Directions for this task: Reproduce only the lines that run from the line containing "this 973×1459 image." to the end of the entries below, exactly as they stand.

[Text-to-region grounding data]
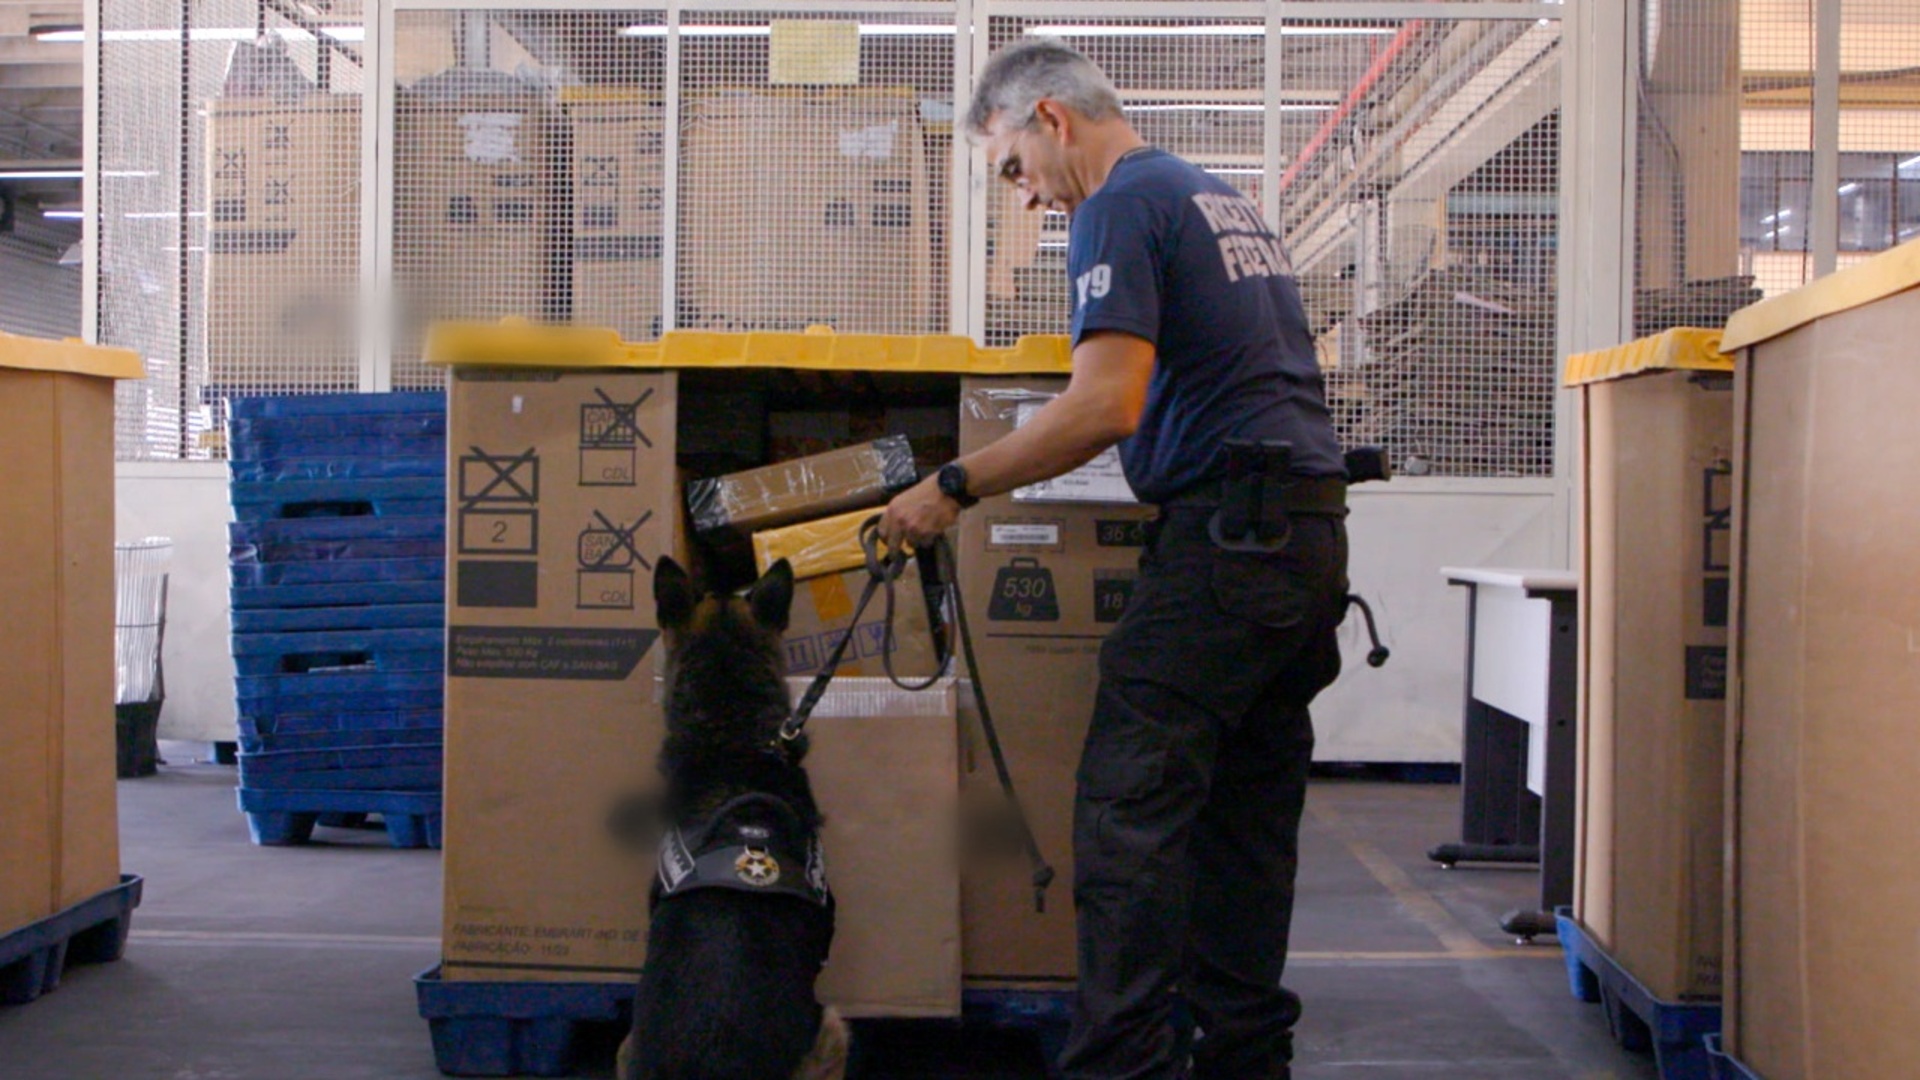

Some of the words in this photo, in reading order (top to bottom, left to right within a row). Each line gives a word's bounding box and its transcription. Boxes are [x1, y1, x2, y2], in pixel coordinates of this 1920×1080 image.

[491, 520, 508, 543] 2
[583, 548, 614, 561] BA
[1002, 577, 1047, 599] 530
[1014, 600, 1033, 619] kg
[1102, 591, 1125, 610] 18
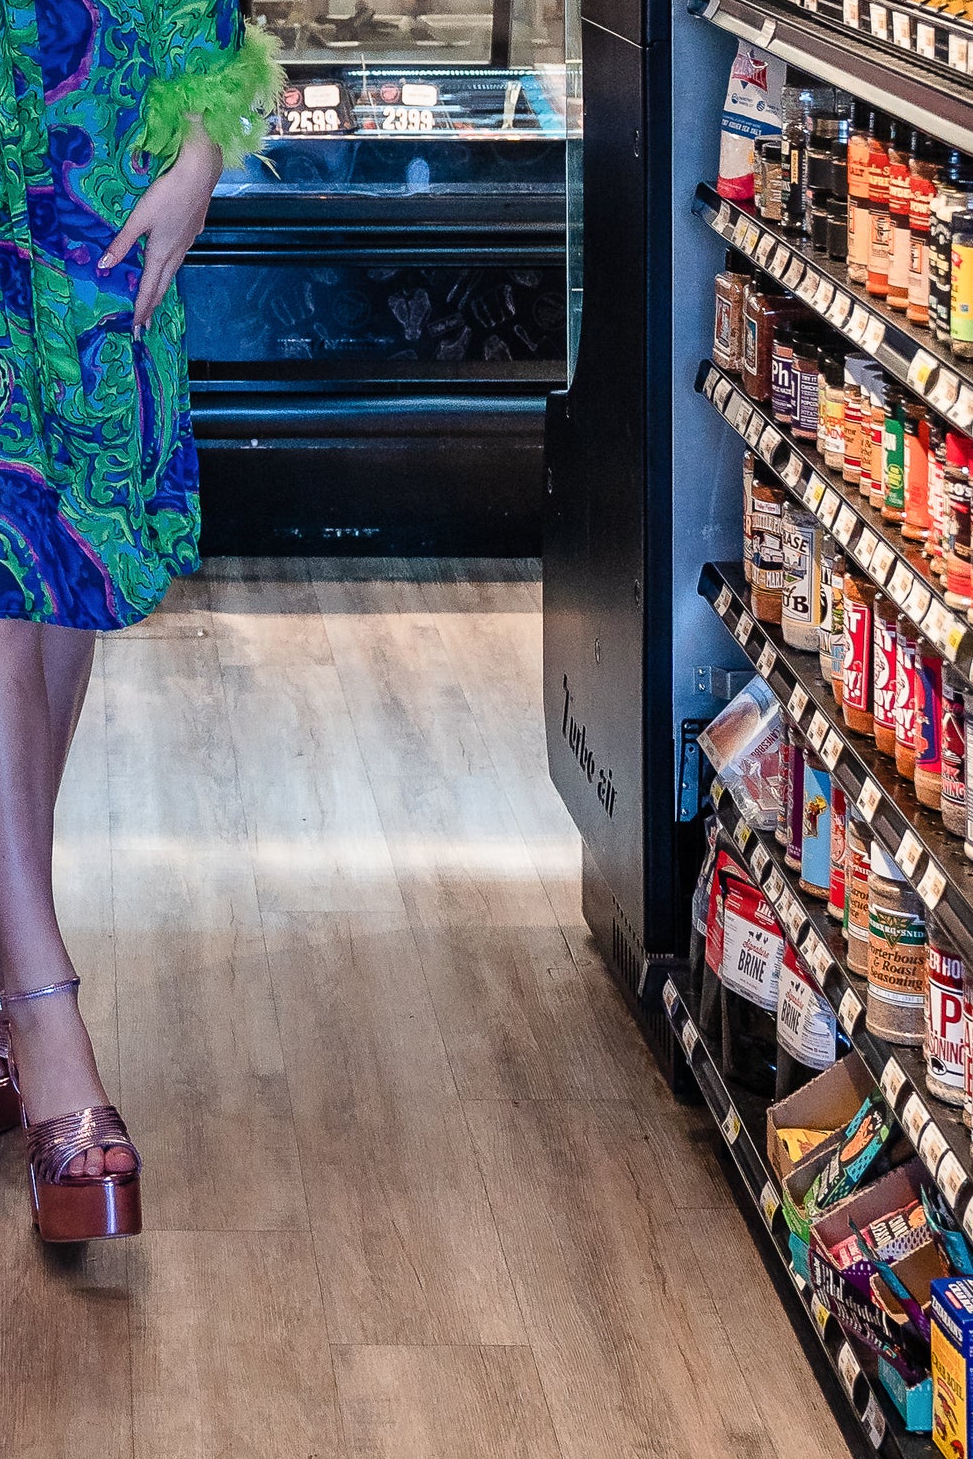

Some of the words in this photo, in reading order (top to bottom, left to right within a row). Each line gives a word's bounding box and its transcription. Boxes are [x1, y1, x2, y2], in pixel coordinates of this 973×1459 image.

[382, 109, 434, 132] 2399
[597, 768, 618, 819] air
[737, 950, 768, 984] BRINE
[882, 959, 918, 977] Roast
[780, 998, 802, 1036] BRINE

Exercise response:
Some of the words in this photo, in reading order (top to bottom, left to right within a row). Each line gives a word's bounding box and its transcription. Boxes are [x1, y1, x2, y2], in pixel coordinates of this 973×1459 image.

[382, 109, 434, 132] 2399
[597, 768, 618, 819] air
[737, 950, 768, 984] BRINE
[882, 959, 918, 977] Roast
[780, 998, 802, 1036] BRINE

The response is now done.